***** Data supplied

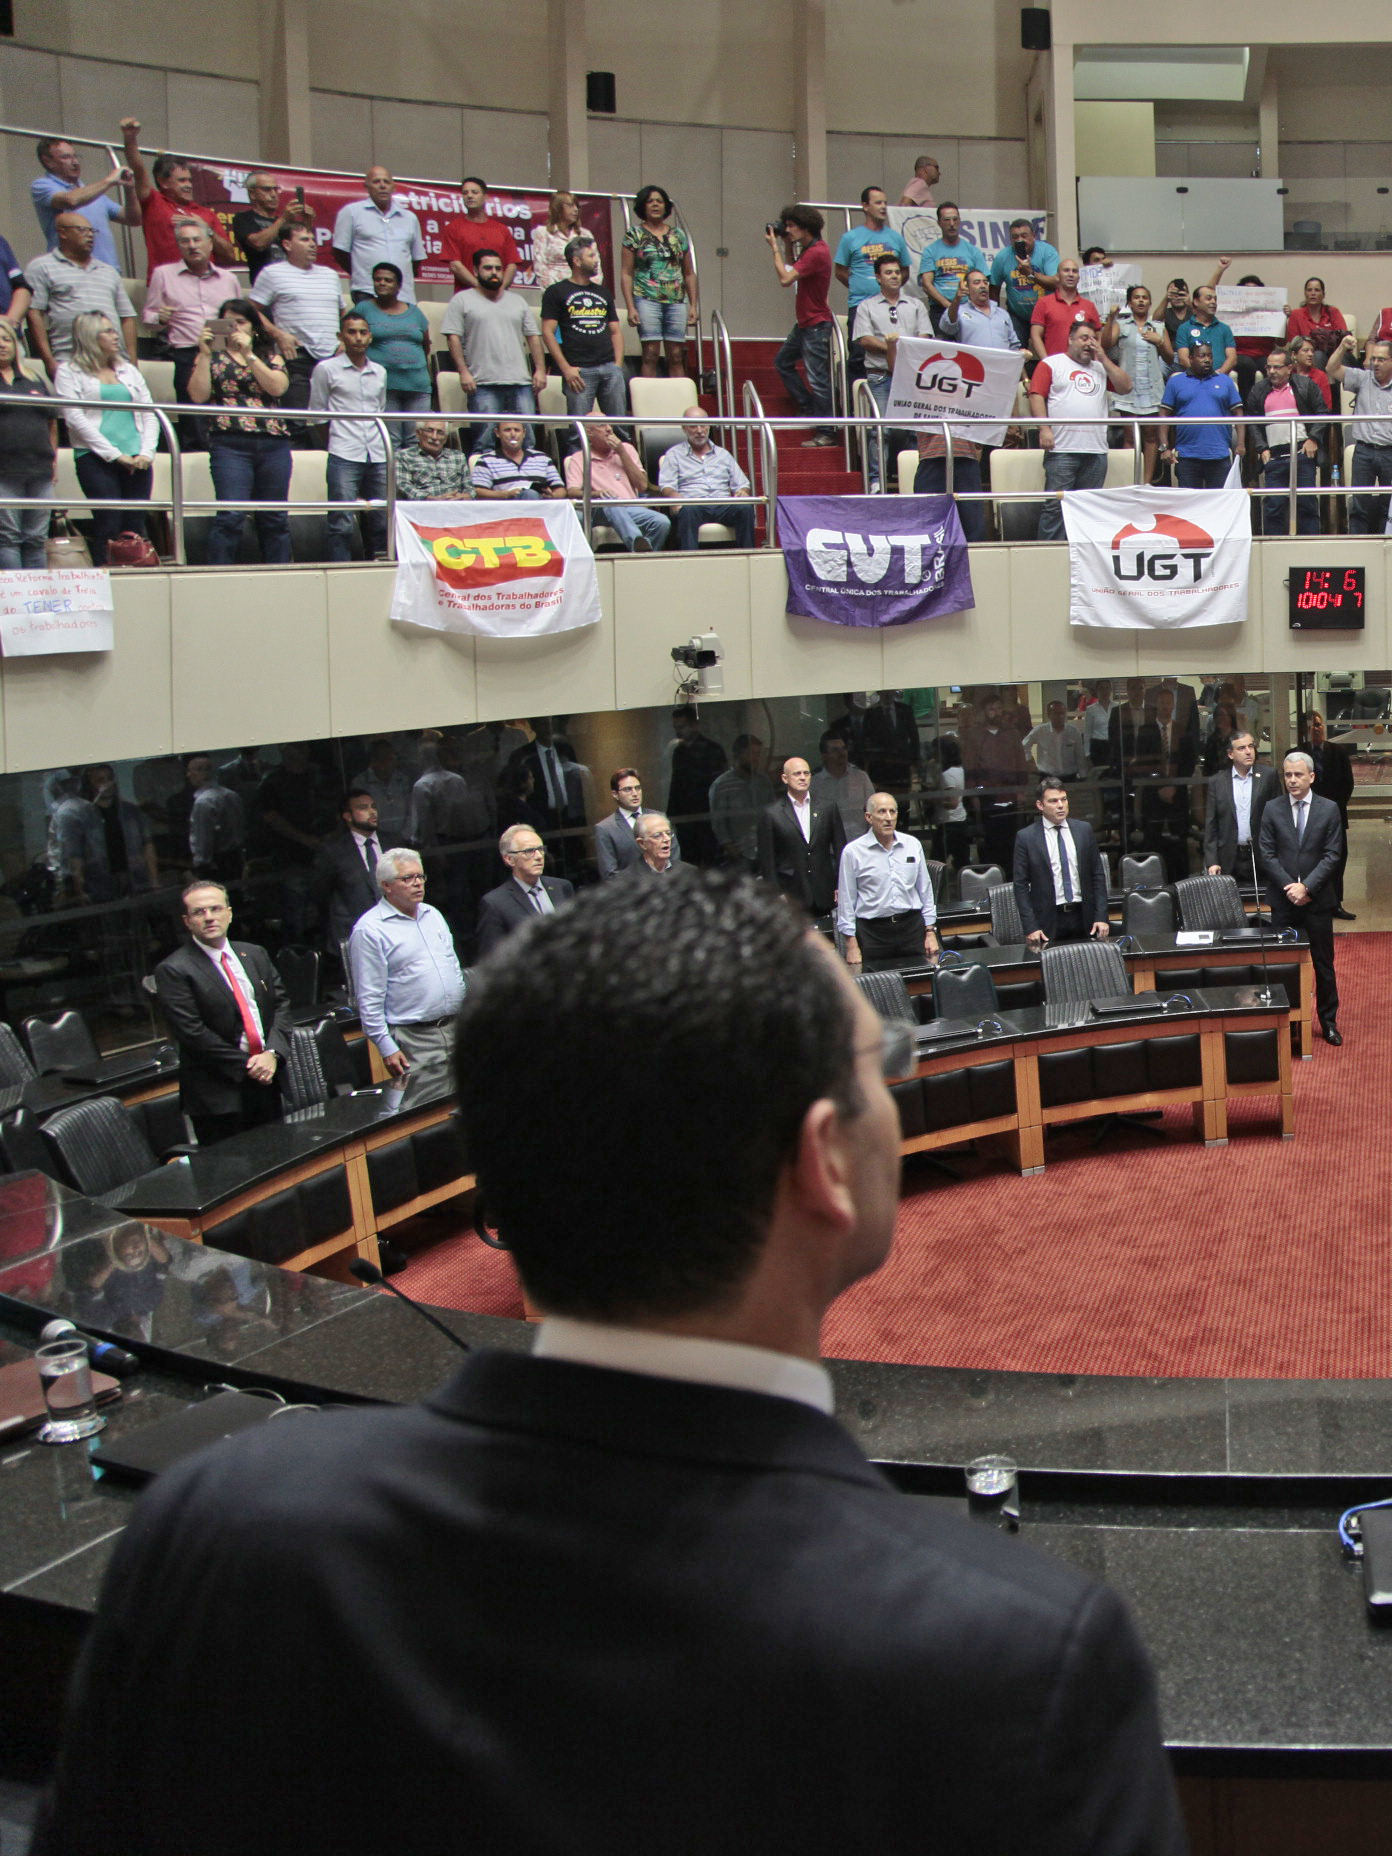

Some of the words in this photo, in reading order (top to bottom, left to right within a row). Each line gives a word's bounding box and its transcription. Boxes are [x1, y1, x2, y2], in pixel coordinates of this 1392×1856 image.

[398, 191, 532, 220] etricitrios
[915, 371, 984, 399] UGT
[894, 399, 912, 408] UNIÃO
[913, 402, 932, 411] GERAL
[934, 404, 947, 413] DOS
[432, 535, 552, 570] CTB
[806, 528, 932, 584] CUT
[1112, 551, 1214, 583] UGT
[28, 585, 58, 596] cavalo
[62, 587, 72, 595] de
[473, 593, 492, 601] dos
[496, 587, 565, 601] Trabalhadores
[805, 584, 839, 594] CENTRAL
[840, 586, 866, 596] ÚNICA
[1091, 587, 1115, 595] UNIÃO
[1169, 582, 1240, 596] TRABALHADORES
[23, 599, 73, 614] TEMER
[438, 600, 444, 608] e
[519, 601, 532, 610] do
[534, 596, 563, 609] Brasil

**********

### What to do
Restate every line above exactly, omitting images.

### Task result
Some of the words in this photo, in reading order (top to bottom, left to right within a row). Each line gives a word's bounding box and its transcription. Boxes are [x1, y1, x2, y2], in pixel coordinates of this 1392×1856 image.

[398, 191, 532, 220] etricitrios
[915, 371, 984, 399] UGT
[894, 399, 912, 408] UNIÃO
[913, 402, 932, 411] GERAL
[934, 404, 947, 413] DOS
[432, 535, 552, 570] CTB
[806, 528, 932, 584] CUT
[1112, 551, 1214, 583] UGT
[28, 585, 58, 596] cavalo
[62, 587, 72, 595] de
[473, 593, 492, 601] dos
[496, 587, 565, 601] Trabalhadores
[805, 584, 839, 594] CENTRAL
[840, 586, 866, 596] ÚNICA
[1091, 587, 1115, 595] UNIÃO
[1169, 582, 1240, 596] TRABALHADORES
[23, 599, 73, 614] TEMER
[438, 600, 444, 608] e
[519, 601, 532, 610] do
[534, 596, 563, 609] Brasil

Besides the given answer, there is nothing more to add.